Try it:
Word for word, copy out the entries below, but not the pictures in them.

Data extract:
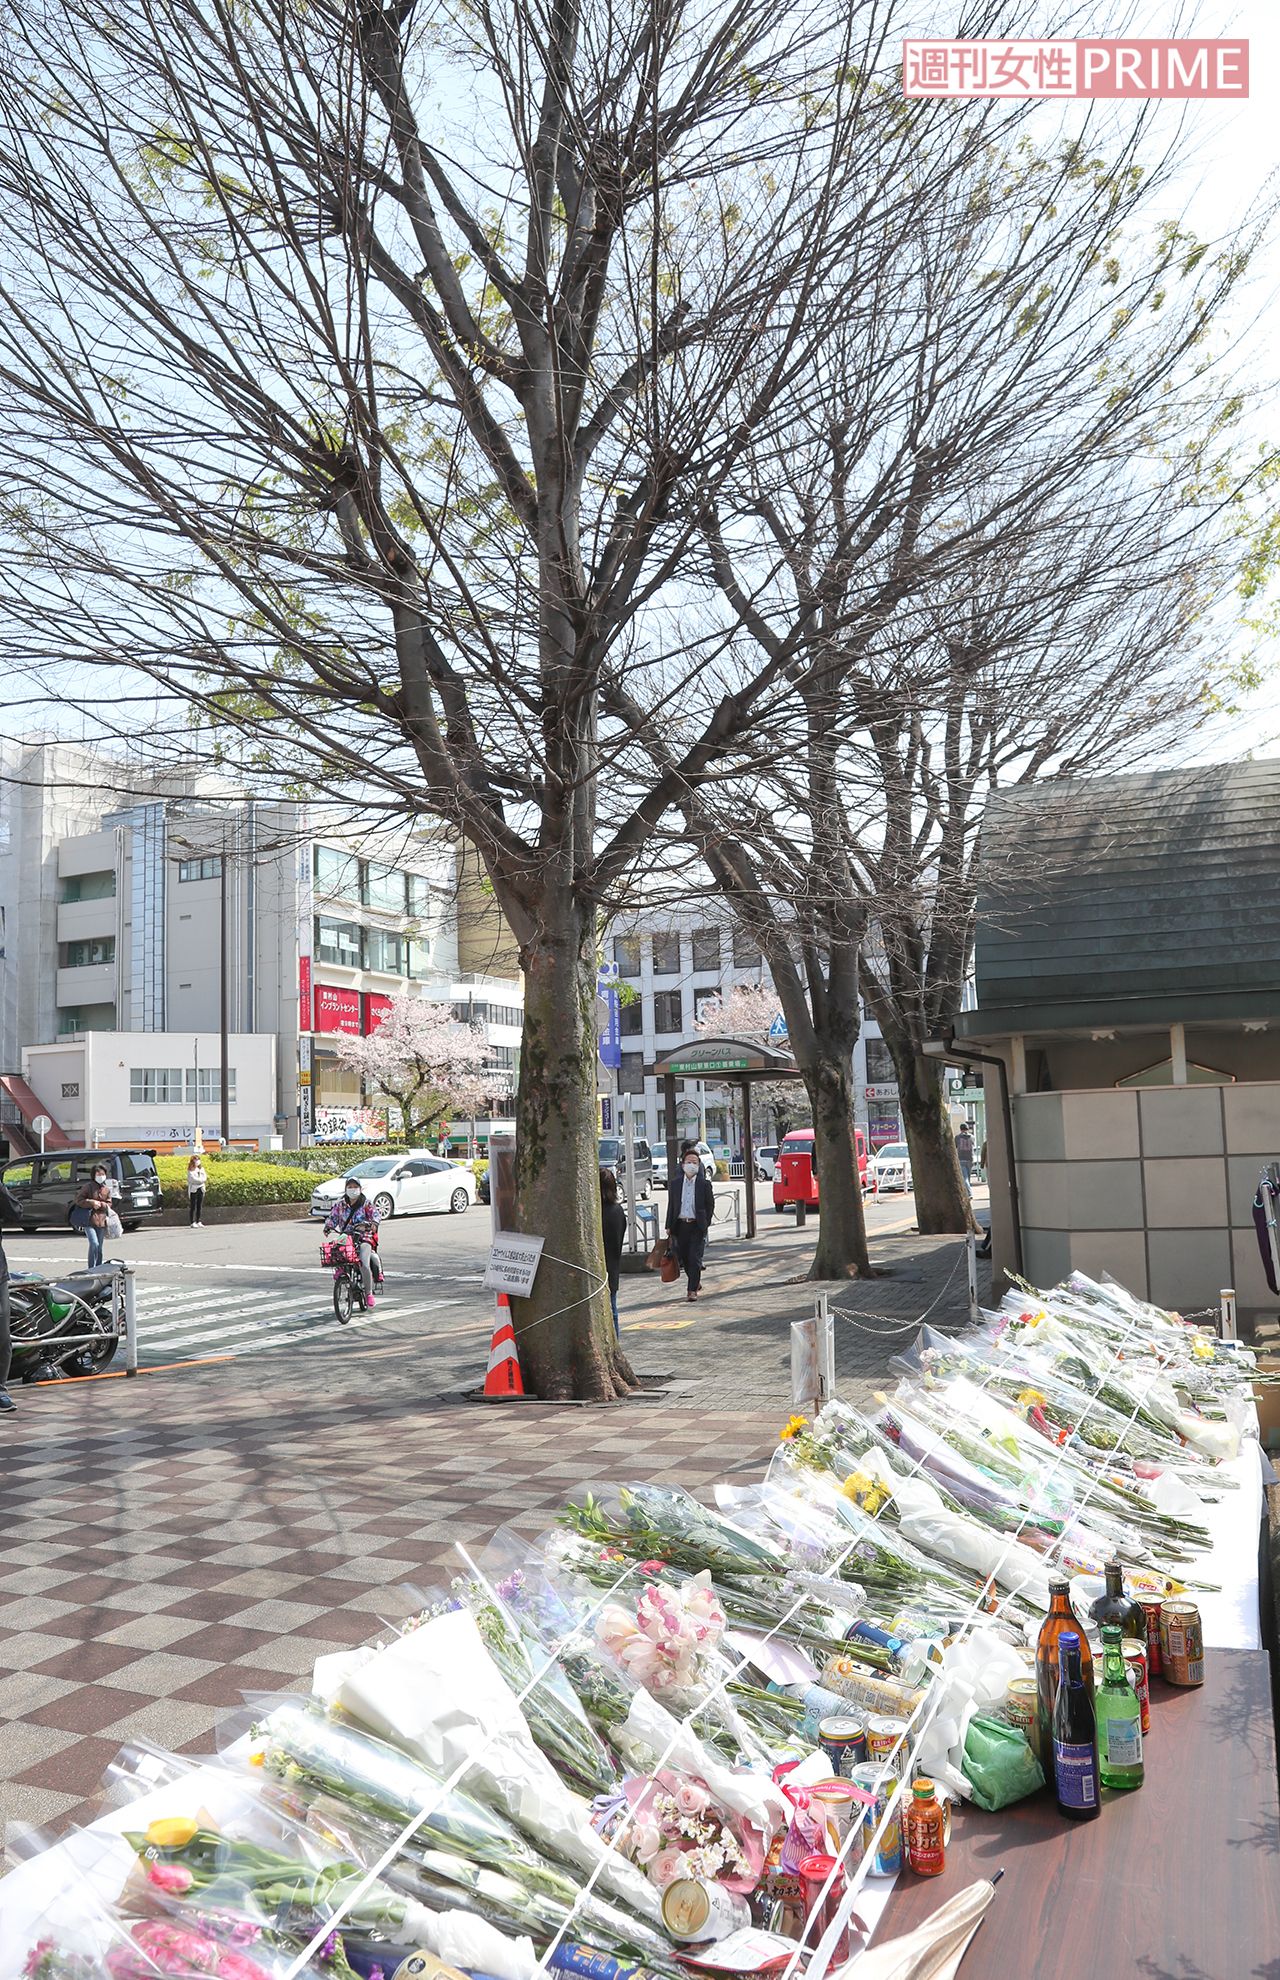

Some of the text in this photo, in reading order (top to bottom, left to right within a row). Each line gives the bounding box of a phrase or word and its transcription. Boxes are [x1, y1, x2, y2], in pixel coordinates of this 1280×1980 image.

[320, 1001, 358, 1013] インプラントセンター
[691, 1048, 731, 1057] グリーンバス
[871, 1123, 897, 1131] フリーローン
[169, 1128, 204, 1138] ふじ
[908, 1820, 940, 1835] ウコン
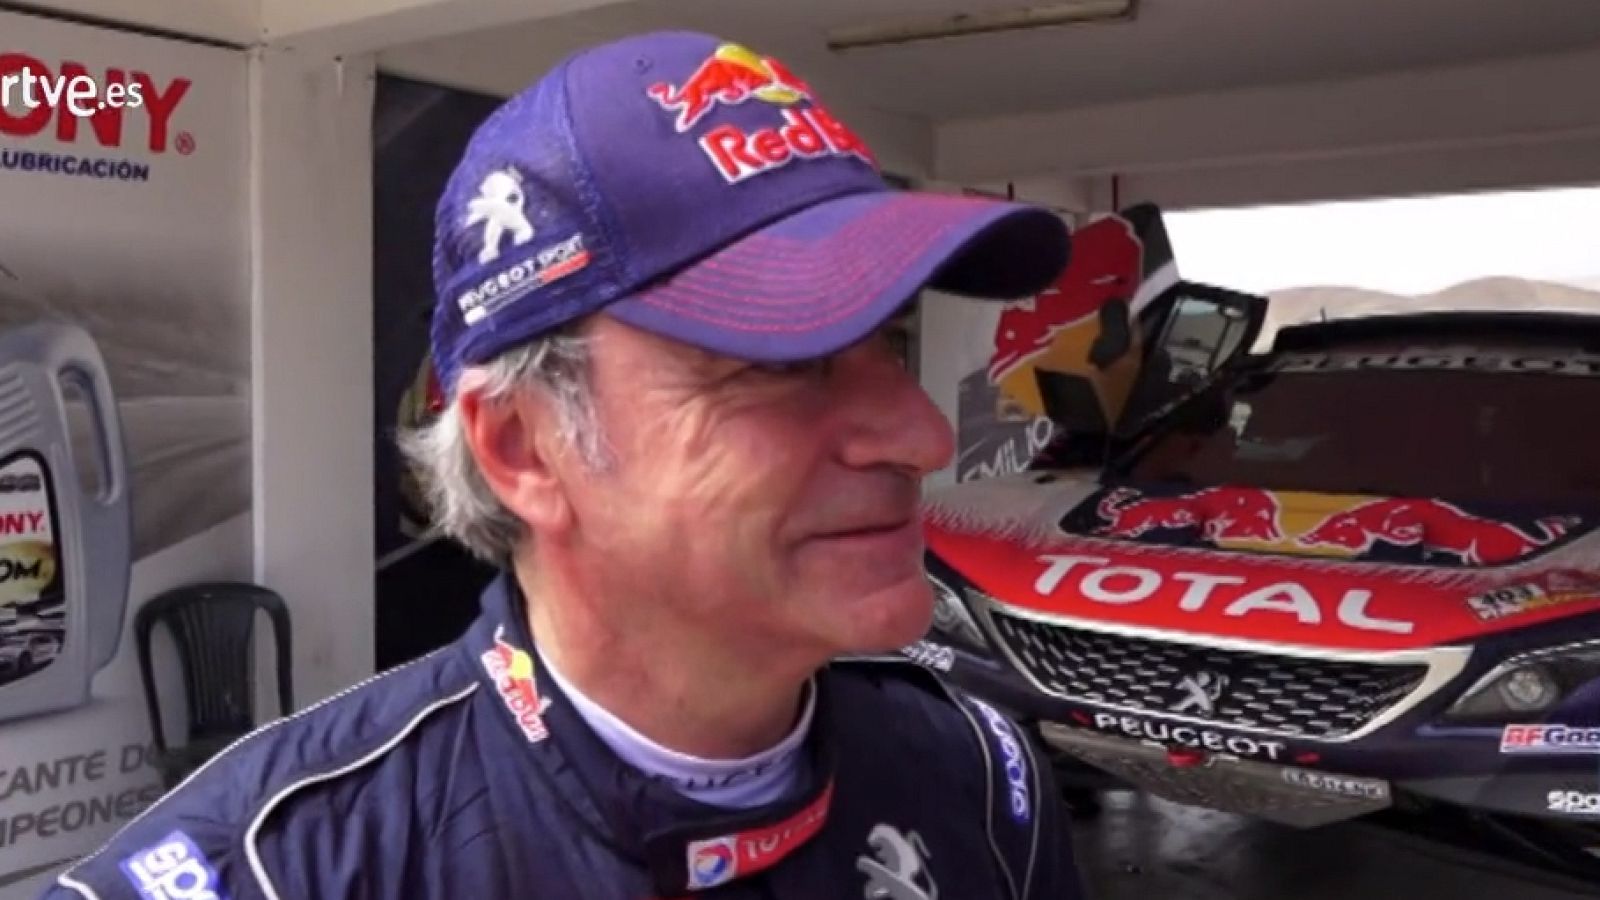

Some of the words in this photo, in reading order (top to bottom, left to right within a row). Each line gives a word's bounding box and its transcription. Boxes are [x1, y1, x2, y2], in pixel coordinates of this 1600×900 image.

Response area:
Some of the text in this photo, in reading order (top to bottom, left to right within a row). Each line gives the bounding box of a phrase or word and its transcription. Boxes are [x1, y1, x2, y2], in pixel coordinates of this 1280×1980 image.

[320, 1001, 358, 1013] インプラントセンター
[691, 1048, 731, 1057] グリーンバス
[871, 1123, 897, 1131] フリーローン
[169, 1128, 204, 1138] ふじ
[908, 1820, 940, 1835] ウコン

Some of the words in this photo, in reading order (top to bottom, left to right within a row). Each line gives a word's bounding box and its transcription. Boxes are [x1, y1, x2, y2], in pixel coordinates of this 1600×900 image.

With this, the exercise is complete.